Scientific classification
- Kingdom: Plantae
- Clade: Tracheophytes
- Clade: Gymnospermae
- Division: Pinophyta
- Class: Pinopsida
- Order: Cupressales
- Family: Cupressaceae
- Genus: Juniperus
- Species: J. standleyi
- Binomial name: Juniperus standleyi Steyerm.

= Juniperus standleyi =

- Genus: Juniperus
- Species: standleyi
- Authority: Steyerm.
- Conservation status: EN

Species of conifer

Juniperus standleyi is a species of juniper native to Guatemala and the adjacent extreme southeast of Mexico (Volcán Tacaná in Chiapas), where it occurs at elevations of 3,000–4,250 m. Its local common names include huitó, ciprés, and huitum.

==Description==
Juniperus standleyi is an evergreen coniferous shrub or small to medium-sized tree growing to 5–15 m, rarely 20 m, in height. The leaves are of two forms, juvenile needle-like leaves 5–7 millimetres long on seedlings and occasionally (as regrowth after browsing damage) on adult plants, and adult scale-leaves 1–1.5 mm long on older plants; they are arranged in decussate opposite pairs or whorls of three.

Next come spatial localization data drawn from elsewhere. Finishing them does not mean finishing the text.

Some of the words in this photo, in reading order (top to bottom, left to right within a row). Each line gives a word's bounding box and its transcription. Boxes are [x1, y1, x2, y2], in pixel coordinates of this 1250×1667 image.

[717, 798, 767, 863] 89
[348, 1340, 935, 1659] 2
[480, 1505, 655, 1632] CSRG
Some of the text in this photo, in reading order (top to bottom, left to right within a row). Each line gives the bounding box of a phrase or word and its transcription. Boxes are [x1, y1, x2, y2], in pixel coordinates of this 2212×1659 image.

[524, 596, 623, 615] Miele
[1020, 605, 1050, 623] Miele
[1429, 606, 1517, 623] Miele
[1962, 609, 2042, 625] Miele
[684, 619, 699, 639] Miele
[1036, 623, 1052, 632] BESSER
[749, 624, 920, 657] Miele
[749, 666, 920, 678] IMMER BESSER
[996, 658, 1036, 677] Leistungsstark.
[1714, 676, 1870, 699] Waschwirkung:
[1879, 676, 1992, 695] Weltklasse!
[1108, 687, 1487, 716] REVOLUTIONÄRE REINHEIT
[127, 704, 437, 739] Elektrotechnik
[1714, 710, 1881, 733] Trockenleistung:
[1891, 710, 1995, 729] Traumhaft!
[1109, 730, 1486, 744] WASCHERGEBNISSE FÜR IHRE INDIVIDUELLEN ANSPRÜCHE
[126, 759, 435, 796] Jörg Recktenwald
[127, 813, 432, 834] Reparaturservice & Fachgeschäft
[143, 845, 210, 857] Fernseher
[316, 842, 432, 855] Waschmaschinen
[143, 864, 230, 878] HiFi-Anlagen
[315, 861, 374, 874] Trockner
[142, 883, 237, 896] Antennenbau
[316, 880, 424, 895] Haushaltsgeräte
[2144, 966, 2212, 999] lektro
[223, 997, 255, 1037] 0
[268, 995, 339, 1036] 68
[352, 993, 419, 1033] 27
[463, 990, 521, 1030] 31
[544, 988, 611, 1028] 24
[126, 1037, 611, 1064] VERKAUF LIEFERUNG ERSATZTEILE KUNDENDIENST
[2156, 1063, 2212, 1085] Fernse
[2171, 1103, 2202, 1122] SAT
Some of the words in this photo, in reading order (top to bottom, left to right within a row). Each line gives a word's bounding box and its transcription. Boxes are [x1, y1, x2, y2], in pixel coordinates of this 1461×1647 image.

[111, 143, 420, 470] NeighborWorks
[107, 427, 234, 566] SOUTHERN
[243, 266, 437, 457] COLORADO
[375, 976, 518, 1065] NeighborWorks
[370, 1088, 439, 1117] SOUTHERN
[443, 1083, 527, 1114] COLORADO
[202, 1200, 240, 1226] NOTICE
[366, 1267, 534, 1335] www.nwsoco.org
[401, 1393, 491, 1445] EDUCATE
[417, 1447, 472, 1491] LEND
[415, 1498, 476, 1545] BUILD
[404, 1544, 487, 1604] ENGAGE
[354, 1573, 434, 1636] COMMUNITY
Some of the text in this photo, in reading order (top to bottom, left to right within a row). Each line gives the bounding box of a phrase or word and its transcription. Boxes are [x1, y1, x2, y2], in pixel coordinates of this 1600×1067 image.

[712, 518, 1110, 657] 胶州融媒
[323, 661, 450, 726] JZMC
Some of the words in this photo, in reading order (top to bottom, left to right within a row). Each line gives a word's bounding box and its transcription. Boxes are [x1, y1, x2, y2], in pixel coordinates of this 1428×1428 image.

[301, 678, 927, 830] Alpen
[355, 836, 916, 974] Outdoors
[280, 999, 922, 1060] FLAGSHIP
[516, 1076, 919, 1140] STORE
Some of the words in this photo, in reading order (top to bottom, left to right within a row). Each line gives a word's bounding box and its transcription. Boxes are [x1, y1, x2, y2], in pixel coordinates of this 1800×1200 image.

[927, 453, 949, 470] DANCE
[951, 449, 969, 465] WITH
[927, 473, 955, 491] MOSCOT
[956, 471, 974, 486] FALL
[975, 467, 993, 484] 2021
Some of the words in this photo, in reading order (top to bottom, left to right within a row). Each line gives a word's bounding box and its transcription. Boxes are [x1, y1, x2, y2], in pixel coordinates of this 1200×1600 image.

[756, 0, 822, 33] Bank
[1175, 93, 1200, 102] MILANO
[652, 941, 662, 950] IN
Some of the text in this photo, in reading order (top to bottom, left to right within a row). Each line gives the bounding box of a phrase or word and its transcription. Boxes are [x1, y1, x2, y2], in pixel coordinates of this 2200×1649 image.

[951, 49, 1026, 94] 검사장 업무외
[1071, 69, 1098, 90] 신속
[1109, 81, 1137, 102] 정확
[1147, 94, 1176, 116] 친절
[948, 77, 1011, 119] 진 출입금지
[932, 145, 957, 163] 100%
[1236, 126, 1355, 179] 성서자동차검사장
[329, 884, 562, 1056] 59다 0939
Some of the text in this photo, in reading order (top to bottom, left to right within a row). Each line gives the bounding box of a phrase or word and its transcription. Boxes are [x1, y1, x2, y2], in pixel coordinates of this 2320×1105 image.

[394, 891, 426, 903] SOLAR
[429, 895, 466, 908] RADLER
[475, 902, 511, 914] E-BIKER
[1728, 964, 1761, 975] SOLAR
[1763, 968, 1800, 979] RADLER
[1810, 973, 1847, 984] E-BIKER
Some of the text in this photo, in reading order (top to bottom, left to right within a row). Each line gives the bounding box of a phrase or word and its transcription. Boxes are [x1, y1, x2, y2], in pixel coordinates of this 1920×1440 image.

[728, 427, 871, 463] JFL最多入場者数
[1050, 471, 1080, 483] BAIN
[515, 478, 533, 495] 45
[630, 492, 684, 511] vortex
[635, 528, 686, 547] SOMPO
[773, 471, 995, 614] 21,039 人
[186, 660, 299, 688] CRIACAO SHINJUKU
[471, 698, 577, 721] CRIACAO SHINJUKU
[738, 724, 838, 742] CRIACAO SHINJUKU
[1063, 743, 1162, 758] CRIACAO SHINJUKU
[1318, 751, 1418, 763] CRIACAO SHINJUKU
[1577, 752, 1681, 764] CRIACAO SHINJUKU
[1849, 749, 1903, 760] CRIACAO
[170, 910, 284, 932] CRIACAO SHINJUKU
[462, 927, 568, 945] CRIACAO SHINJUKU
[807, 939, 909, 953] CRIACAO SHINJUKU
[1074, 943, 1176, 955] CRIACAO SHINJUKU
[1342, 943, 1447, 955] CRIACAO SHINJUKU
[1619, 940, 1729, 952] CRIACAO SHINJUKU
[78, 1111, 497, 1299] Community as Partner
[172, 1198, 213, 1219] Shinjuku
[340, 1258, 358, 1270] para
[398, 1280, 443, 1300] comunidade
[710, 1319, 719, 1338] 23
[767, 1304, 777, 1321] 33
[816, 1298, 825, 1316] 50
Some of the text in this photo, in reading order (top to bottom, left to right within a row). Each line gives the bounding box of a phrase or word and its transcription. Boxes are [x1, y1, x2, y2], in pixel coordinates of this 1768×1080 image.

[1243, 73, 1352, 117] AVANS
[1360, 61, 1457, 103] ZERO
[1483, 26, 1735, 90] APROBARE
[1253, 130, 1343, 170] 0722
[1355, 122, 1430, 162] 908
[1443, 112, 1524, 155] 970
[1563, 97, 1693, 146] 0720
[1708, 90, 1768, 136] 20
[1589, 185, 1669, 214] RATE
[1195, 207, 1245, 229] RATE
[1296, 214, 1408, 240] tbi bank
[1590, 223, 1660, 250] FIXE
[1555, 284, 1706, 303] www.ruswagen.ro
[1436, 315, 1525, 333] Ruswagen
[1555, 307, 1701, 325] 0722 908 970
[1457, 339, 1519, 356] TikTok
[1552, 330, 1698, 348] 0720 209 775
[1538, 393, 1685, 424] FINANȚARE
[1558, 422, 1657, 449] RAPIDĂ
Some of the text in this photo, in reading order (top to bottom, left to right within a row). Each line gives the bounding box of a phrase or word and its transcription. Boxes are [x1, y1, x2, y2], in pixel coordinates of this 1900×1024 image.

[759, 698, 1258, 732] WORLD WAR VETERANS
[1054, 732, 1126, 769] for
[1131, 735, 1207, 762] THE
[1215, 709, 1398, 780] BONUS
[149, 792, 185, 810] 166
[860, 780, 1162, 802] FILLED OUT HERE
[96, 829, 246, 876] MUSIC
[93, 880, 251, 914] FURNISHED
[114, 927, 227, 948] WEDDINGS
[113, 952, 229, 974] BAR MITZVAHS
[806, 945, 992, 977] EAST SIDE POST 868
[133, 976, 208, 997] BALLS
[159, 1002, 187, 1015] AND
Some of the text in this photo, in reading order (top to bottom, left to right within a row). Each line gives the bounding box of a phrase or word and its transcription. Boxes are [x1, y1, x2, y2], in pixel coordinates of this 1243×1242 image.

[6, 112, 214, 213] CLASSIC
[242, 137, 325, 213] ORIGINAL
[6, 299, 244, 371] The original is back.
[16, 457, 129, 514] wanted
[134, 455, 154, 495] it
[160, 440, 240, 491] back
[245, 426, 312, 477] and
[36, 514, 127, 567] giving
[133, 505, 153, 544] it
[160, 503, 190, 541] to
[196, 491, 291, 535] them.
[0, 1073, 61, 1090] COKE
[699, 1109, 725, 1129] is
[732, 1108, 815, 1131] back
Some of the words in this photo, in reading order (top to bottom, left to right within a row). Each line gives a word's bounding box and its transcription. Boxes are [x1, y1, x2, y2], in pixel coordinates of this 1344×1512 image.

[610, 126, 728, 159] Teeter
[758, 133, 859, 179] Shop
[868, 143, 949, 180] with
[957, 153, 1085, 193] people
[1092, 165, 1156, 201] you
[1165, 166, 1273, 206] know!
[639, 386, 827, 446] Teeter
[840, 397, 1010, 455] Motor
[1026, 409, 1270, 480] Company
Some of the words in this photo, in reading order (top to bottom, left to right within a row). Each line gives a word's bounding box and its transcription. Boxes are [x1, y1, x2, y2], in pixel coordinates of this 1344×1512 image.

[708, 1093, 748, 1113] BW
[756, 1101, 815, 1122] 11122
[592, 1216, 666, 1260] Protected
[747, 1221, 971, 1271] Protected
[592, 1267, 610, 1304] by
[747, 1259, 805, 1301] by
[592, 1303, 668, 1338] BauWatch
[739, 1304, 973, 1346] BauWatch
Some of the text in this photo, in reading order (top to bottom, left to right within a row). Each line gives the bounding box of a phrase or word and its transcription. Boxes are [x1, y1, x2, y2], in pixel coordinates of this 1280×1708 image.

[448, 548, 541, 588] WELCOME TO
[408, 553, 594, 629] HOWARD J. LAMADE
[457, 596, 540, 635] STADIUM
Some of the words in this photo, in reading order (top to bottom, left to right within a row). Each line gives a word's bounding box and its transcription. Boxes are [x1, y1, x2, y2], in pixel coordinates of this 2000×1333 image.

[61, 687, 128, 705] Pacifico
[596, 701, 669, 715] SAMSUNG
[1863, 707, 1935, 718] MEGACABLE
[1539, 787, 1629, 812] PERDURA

The cones are globose, berry-like, 6–9 mm in diameter, blue-black with a thin pale waxy coating, and contain three to six seeds; they are mature in about 18 months. The male cones are 1.5–2 mm long, and shed their pollen in spring. It is dioecious with male and female cones on separate plants.

==Conservation==
Juniperus standleyi is threatened by habitat loss and illegal cutting for fuelwood.